Mortgage rates have fallen again to record lows, although the 10-year benchmark Treasury's return is flirting with a decline above the 1% mark, according to Freddie Mac.
The 30-year fixed-rate mortgage averaged 2.66% for the week ended December 24, compared to last week when it averaged 2.67%. This was the lowest point since Freddie Mac began collecting this data in 1971. The 30-year fixed-rate mortgage averaged 3.74%.
However, the 10-year government bond yield rose from the previous seven-day period. It closed at 0.955% on December 23, an increase of 3.5 basis points from a week earlier. In fact, the 10-year return was 0.973% on December 23, its highest level since November 10.
Even so, the low mortgage rates made for a nice vacation surprise, which is usually a slow time of year for the property market. Purchase requests were up 26% and refis were up 124% year over year, the Mortgage Bankers Association reported on December 23.
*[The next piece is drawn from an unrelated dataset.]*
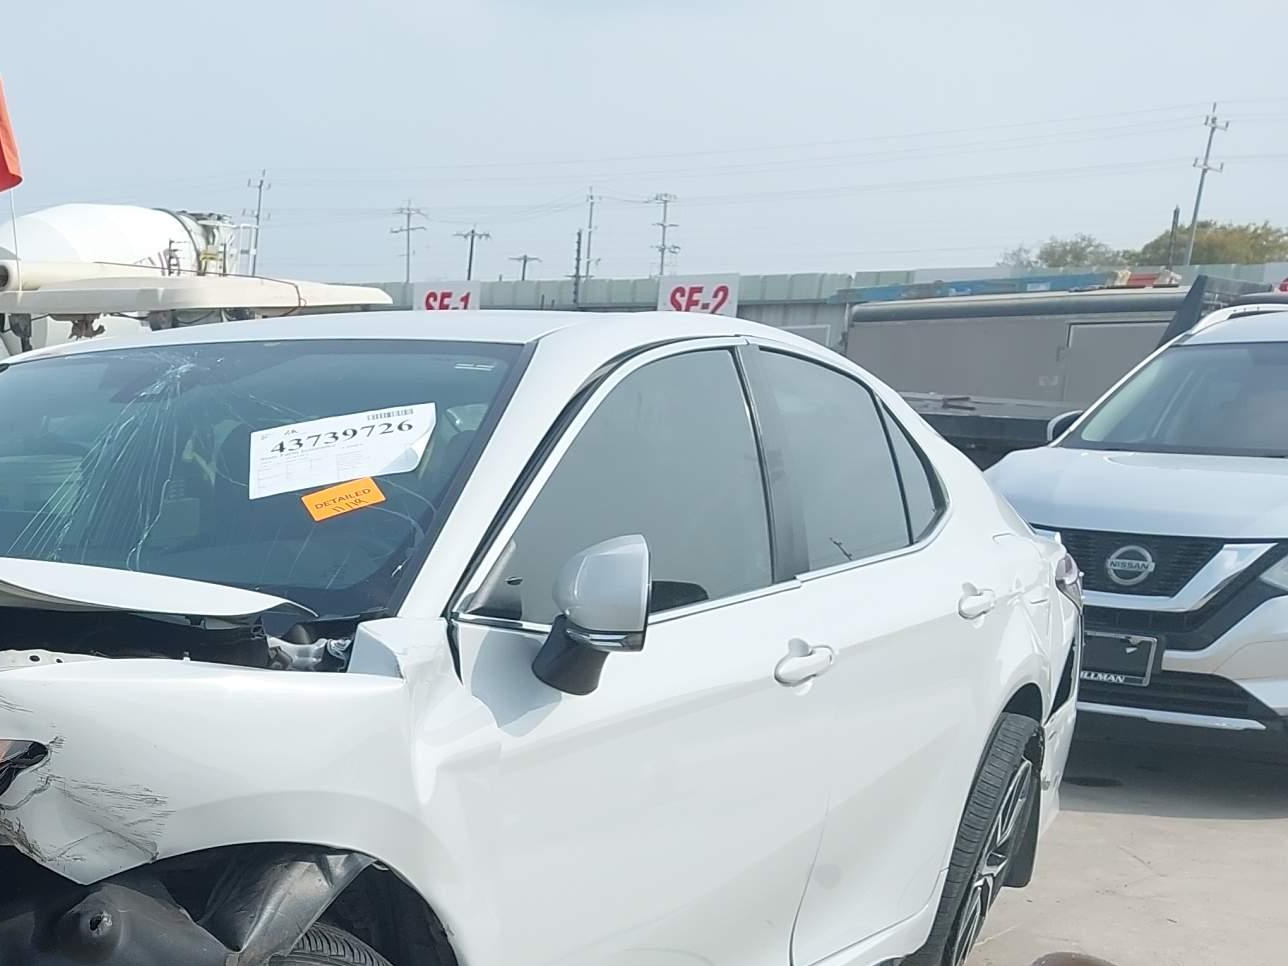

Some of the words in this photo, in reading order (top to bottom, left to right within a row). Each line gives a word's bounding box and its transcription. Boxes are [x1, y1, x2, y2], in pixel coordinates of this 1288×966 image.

[270, 419, 415, 454] 43739726
[314, 487, 372, 510] DETAILED
[1109, 560, 1150, 570] NISSAN
"The real estate market is poised to end the year strong as low mortgage rates continue to fuel home buyer demand and refinancing activity," said Sam Khater, Freddie Mac's chief economist, in a press release.
"We expect a stable rate in 2021, but the main driver in the near future will be the course of the COVID-19 pandemic and the execution of the vaccine."
The 15 year fixed rate mortgage averaged 2.19%, compared to last week when it averaged 2.21%. A year ago, the average duration of the 15-year fixed-rate mortgage was 3.19%.
The five-year Treasury-indexed hybrid floating rate mortgage averaged 2.79% with an average score of 0.2 points, unchanged from last week. A year ago, the average five-year variable rate mortgage at that point averaged 3.45%.